Unplanned Pregnancy: What's the REAL Cost?KateTietje
In a society that actually glorifies teen pregnancy with shows like MTV’s “16 and Pregnant,” it’s easy to forget that unplanned pregnancy — for women of any age — has real affects. Obviously it’s hard on the woman herself, who, in many cases, is single and may have a hard time dealing with a child financially.
But it’s also hard on society as a whole. There are approximately 4 million pregnancies each year, and 25 – 50% of them are unplanned — a whopping 1 – 2 million pregnancies each year!! When a woman is pregnant and doesn’t or can’t have a job, she’s entitled to certain medical care and so forth. Not that I disagree that women have a right to medical care; but just what does this actually cost us, in tax payer dollars, and could the money be spent in better ways — like prevention?
According to a new article, each unplanned pregnancy costs the tax payers about $9,000. That means we’re looking at a total bill of $9 – $12 billion dollars per year, just on unplanned pregnancy (according to the study)!
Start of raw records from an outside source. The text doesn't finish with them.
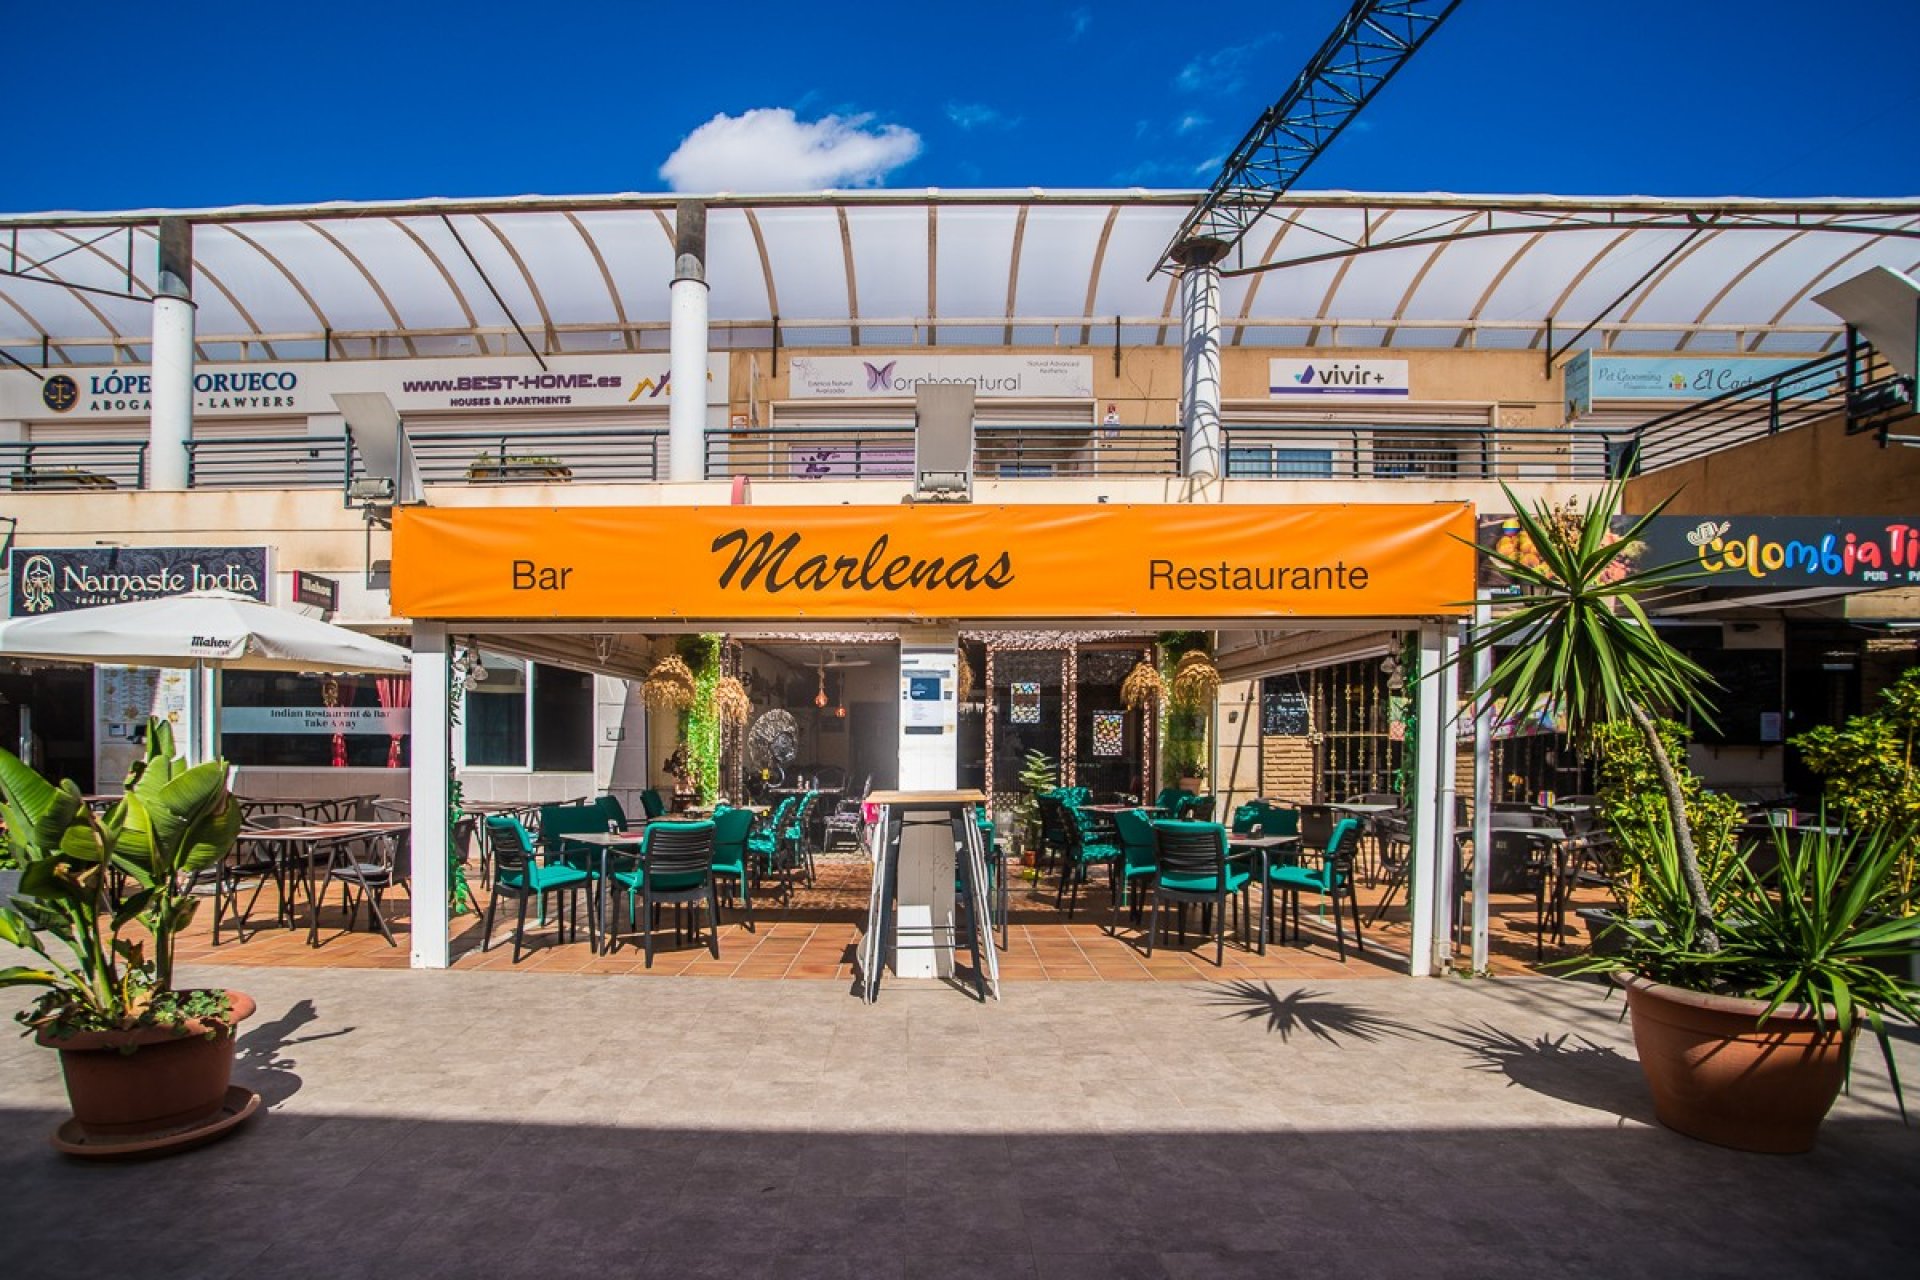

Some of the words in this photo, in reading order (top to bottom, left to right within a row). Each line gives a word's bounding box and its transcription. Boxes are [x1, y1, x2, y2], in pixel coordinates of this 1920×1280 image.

[91, 369, 152, 394] LÓPE
[193, 373, 297, 393] ORUECO
[1692, 368, 1714, 391] El
[91, 400, 152, 410] ABOGA
[450, 397, 491, 406] HOUSES
[494, 396, 501, 405] &
[503, 395, 572, 406] APARTMENTS
[1698, 533, 1883, 578] Colombia
[1885, 524, 1920, 569] Ti
[512, 560, 573, 590] Bar
[711, 529, 1015, 593] Marlenas
[1149, 560, 1369, 590] Restaurante
[62, 565, 185, 600] Namaste
[192, 564, 257, 591] India
[76, 595, 116, 604] Indian
[271, 709, 303, 718] Indian
[305, 709, 360, 718] Restaurant
[362, 709, 371, 718] &
[305, 718, 329, 728] Take
This money is spent on “abortions, fetal losses, births, and infant medical care.” That is, any outcome of unintended pregnancy, not just the ones that carry to term. (This study doesn’t estimate the costs to society of those infants after birth, on programs like WIC, but I’d imagine it’s quite a bit more.)
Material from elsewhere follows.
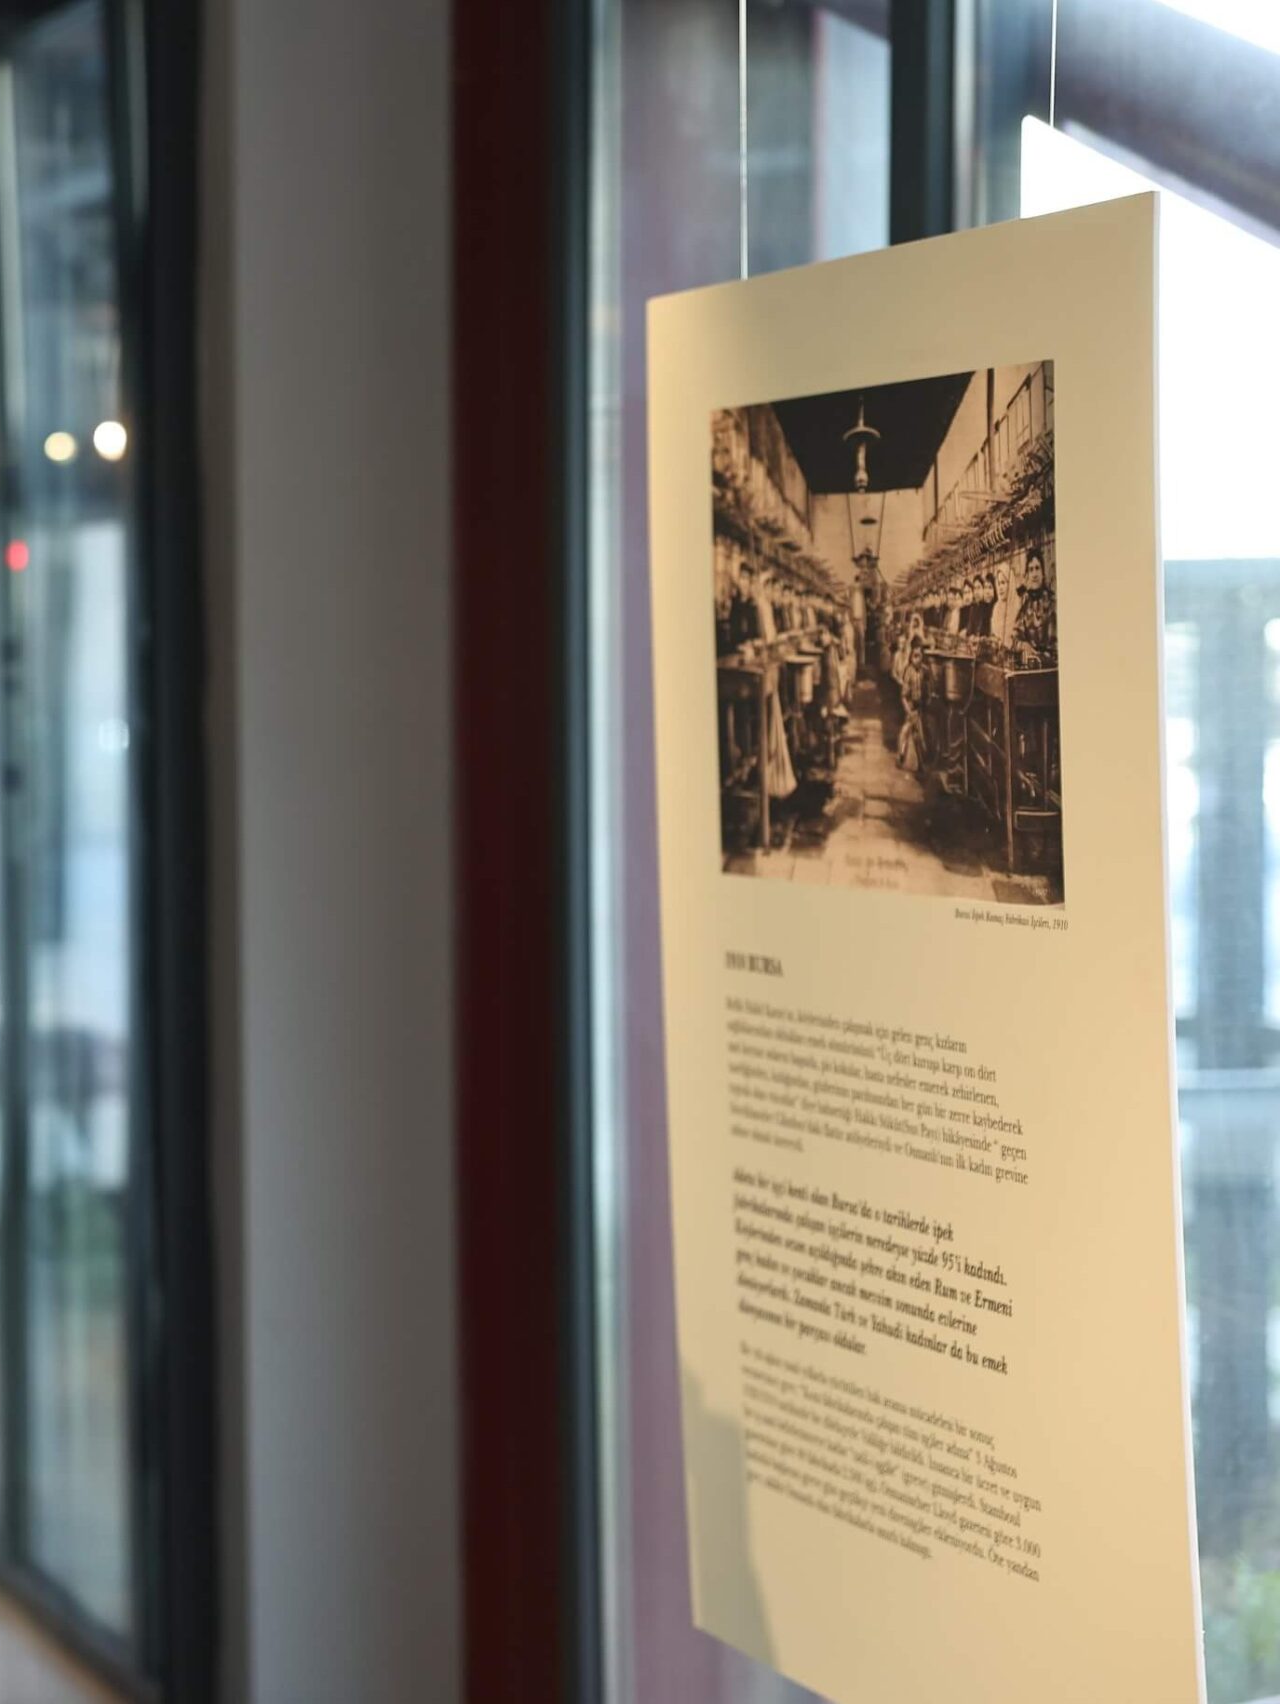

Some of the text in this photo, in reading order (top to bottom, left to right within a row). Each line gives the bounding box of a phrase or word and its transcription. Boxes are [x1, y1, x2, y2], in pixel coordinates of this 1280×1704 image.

Most of these babies are born to low-income women, and are more likely to grow up on public assistance, less likely to succeed in school, and more likely to be involved in criminal activity.
I don’t know about you, but that upsets me. What is going on with our sex education that so many pregnancies — nearly half of all pregnancies — are unintended? Surely women are taught how their bodies work, and how to avoid pregnancy when they’re not yet prepared? And of course, 16 and Pregnant isn’t helping at all. There have been stories about girls actually getting pregnant on purpose just to get on the show! While clearly that’s not “unintended,” it might as well be, from a public assistance standpoint.
The study estimates that we could save about half that amount of money by providing appropriate sex education and access to birth control, instead of having to finance these abortions and prenatal care.
So why aren’t we doing it? Why aren’t we improving the quality of sex education programs? Why aren’t we teaching girls the stark reality of unplanned pregnancy — instead of glamorizing it on TV shows?
What do you think? Is this figure unacceptably high, and do we need to explore better prevention options?